** WHAT TO WORK ON **
A verbatim copy of the line containing "this 1365×1364 image." and all lines after it, up to and including the final line of the records, is the only acceptable output.

Annotated photo localization data:
————————
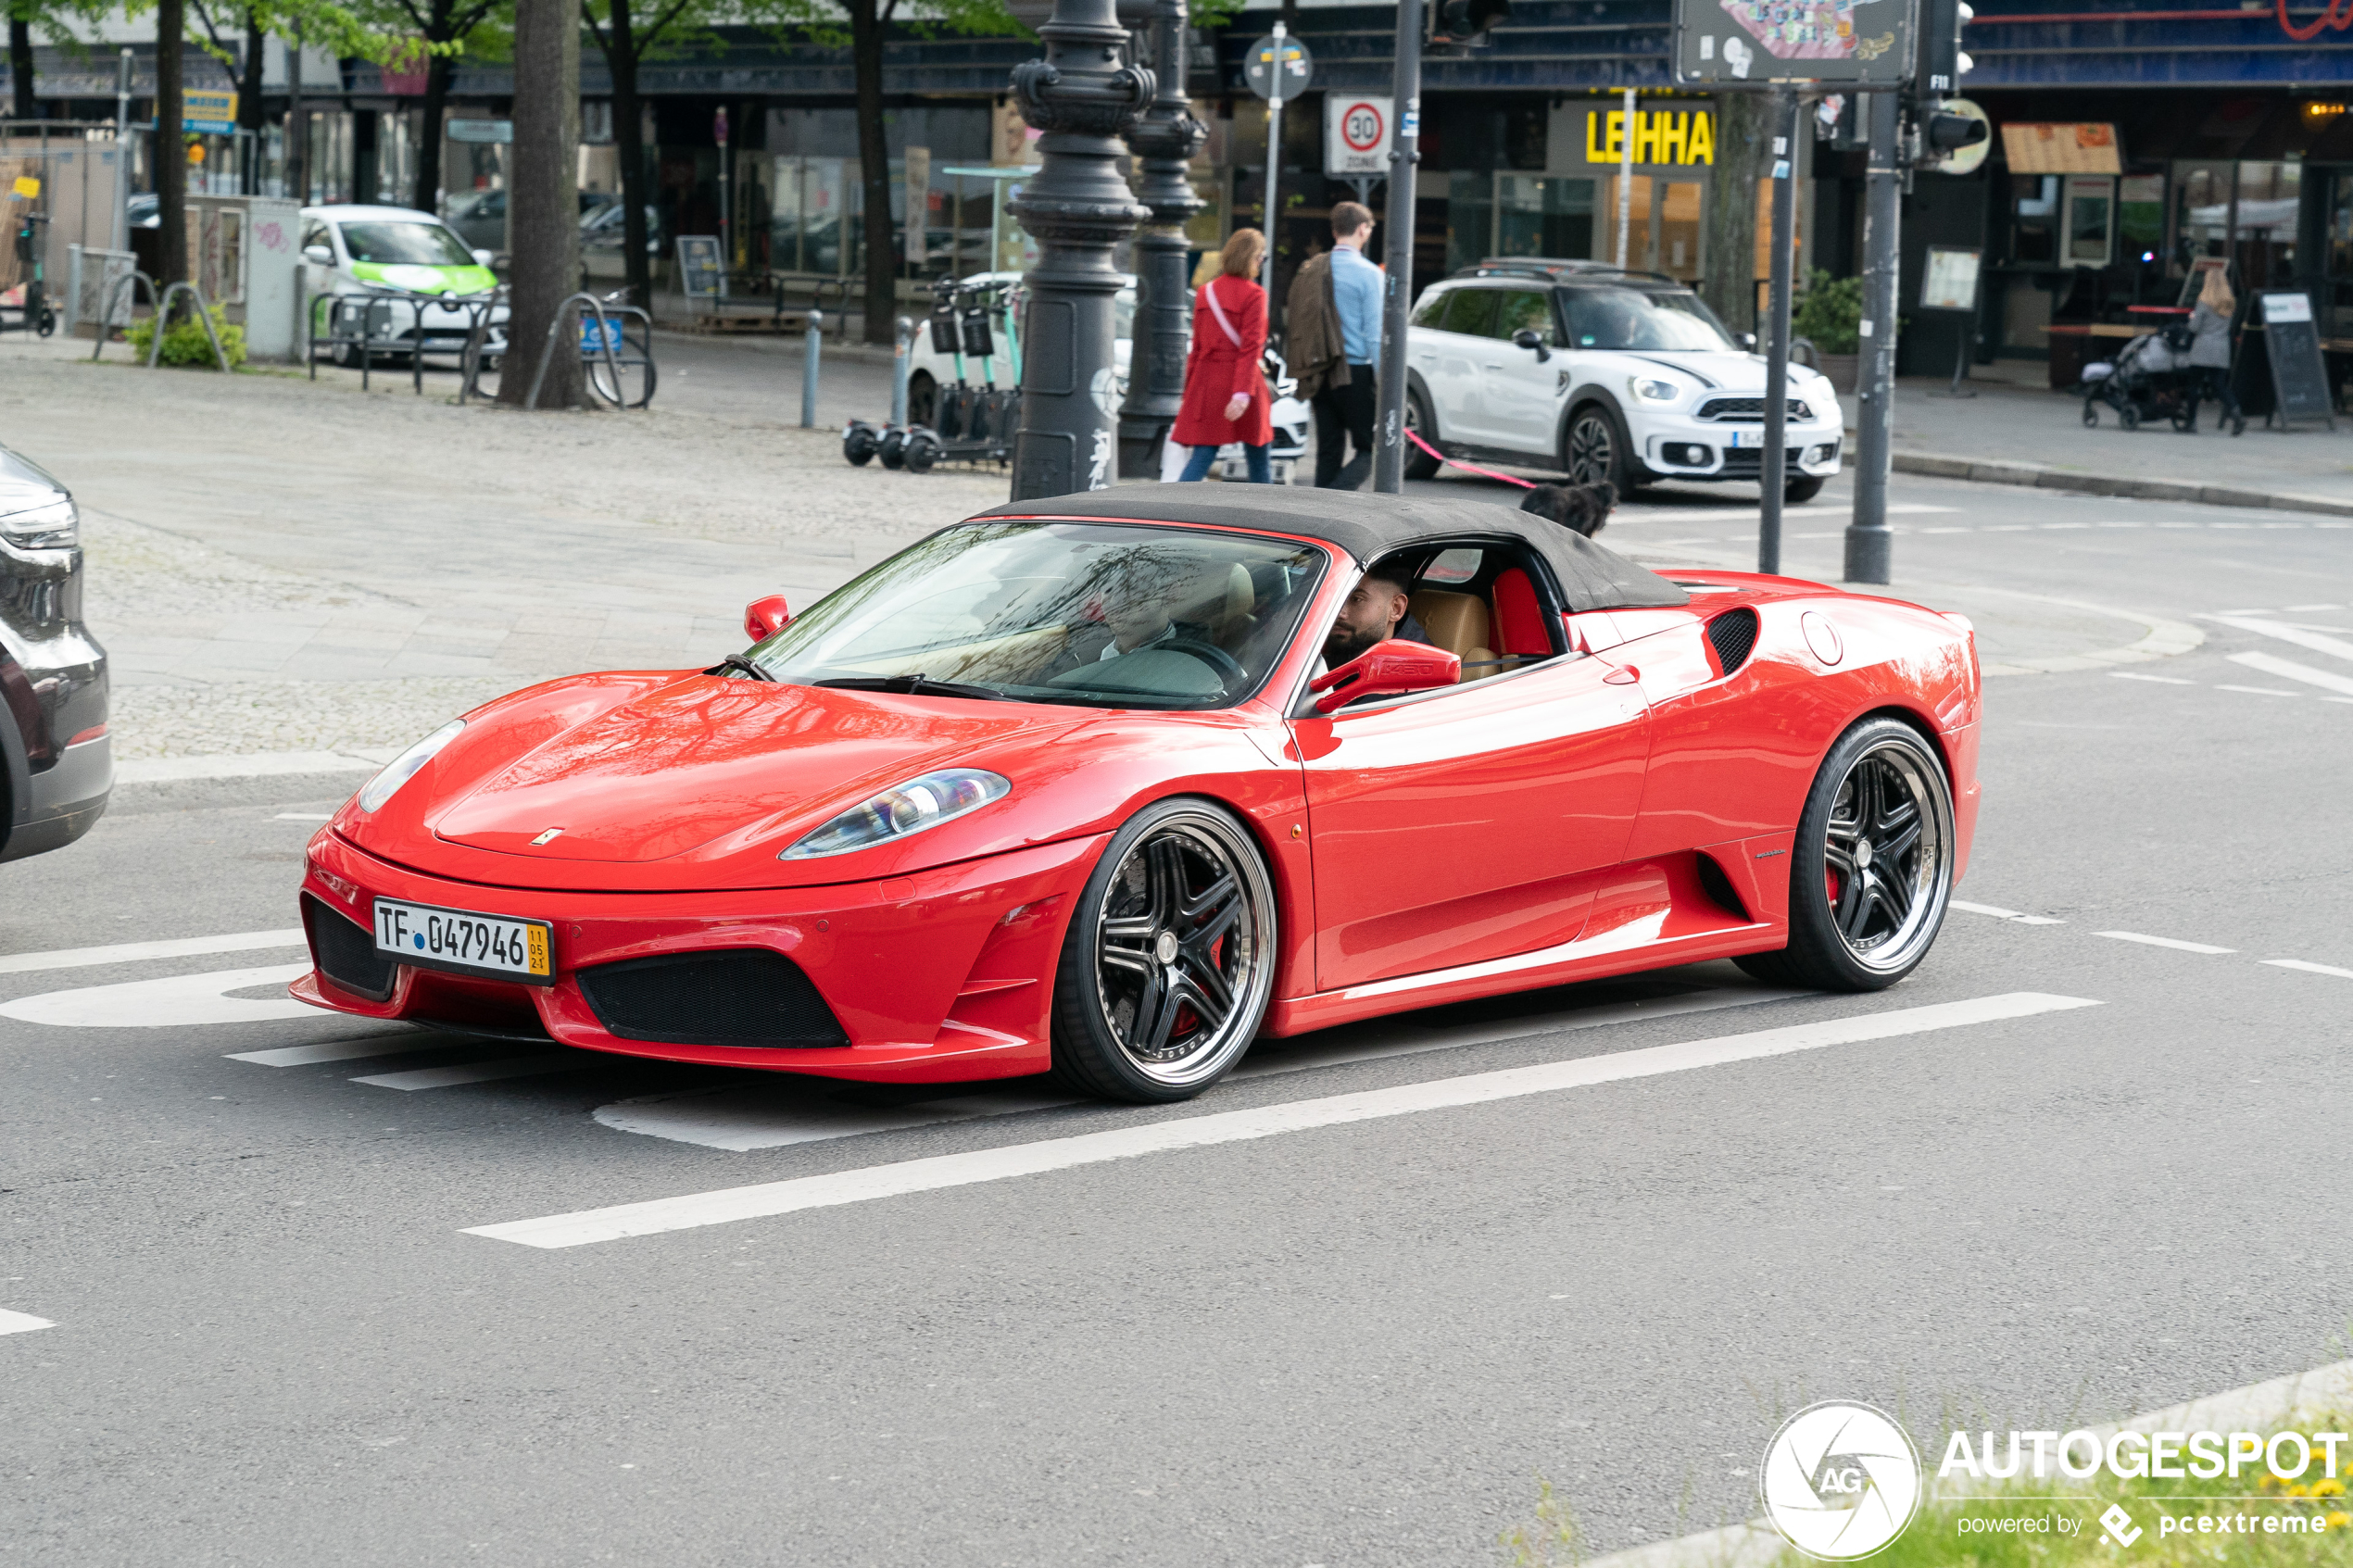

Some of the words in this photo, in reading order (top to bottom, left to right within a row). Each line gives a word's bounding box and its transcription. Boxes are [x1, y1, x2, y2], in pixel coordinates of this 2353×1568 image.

[1350, 117, 1374, 139] 30
[1587, 110, 1717, 165] LEIHHA
[379, 907, 408, 947] TF
[428, 915, 523, 966] 047946
[531, 930, 541, 942] 11
[531, 944, 543, 955] 05
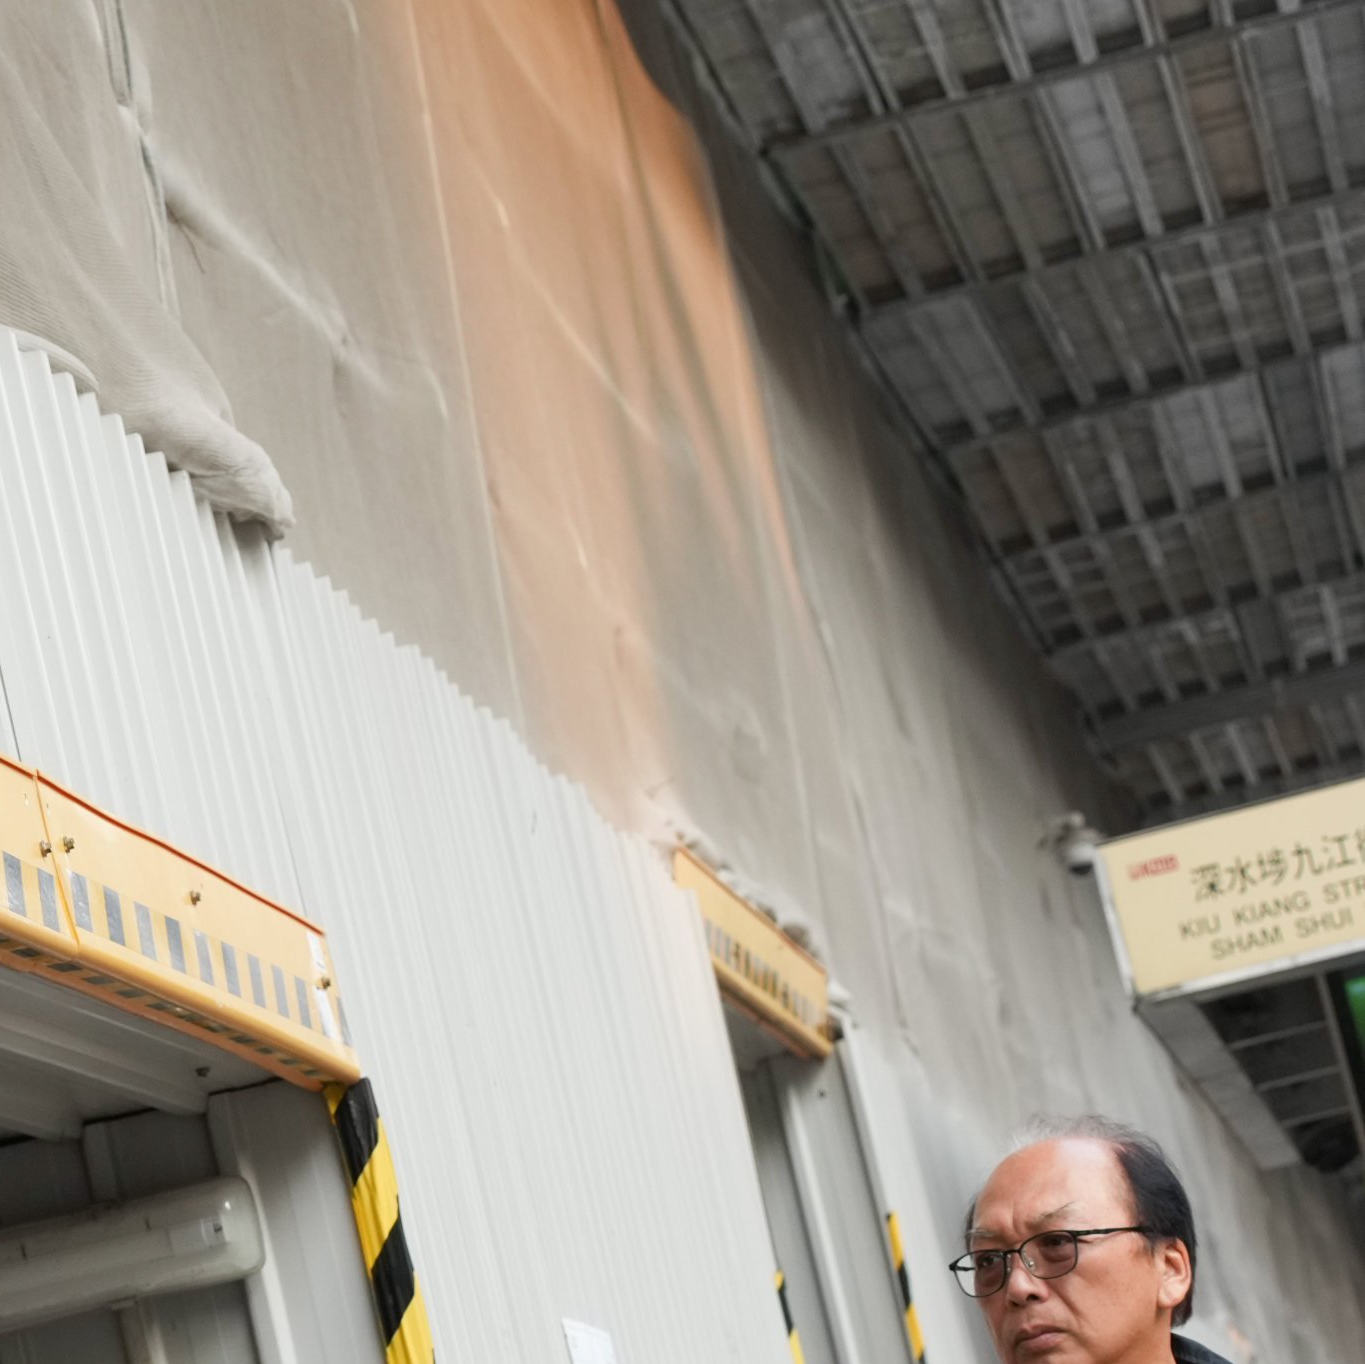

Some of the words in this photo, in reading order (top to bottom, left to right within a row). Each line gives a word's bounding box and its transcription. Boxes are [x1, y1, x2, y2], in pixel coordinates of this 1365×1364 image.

[1179, 914, 1221, 941] KIU
[1233, 890, 1311, 926] KIANG
[1210, 925, 1284, 960] SHAM
[1294, 907, 1354, 939] SHUI
————————
** RESPONSE TO THE TASK **
Some of the words in this photo, in reading order (top to bottom, left to right within a row). Each line gives a word's bounding box and its transcription. Boxes are [x1, y1, x2, y2], in pixel coordinates of this 1365×1364 image.

[1179, 914, 1221, 941] KIU
[1233, 890, 1311, 926] KIANG
[1210, 925, 1284, 960] SHAM
[1294, 907, 1354, 939] SHUI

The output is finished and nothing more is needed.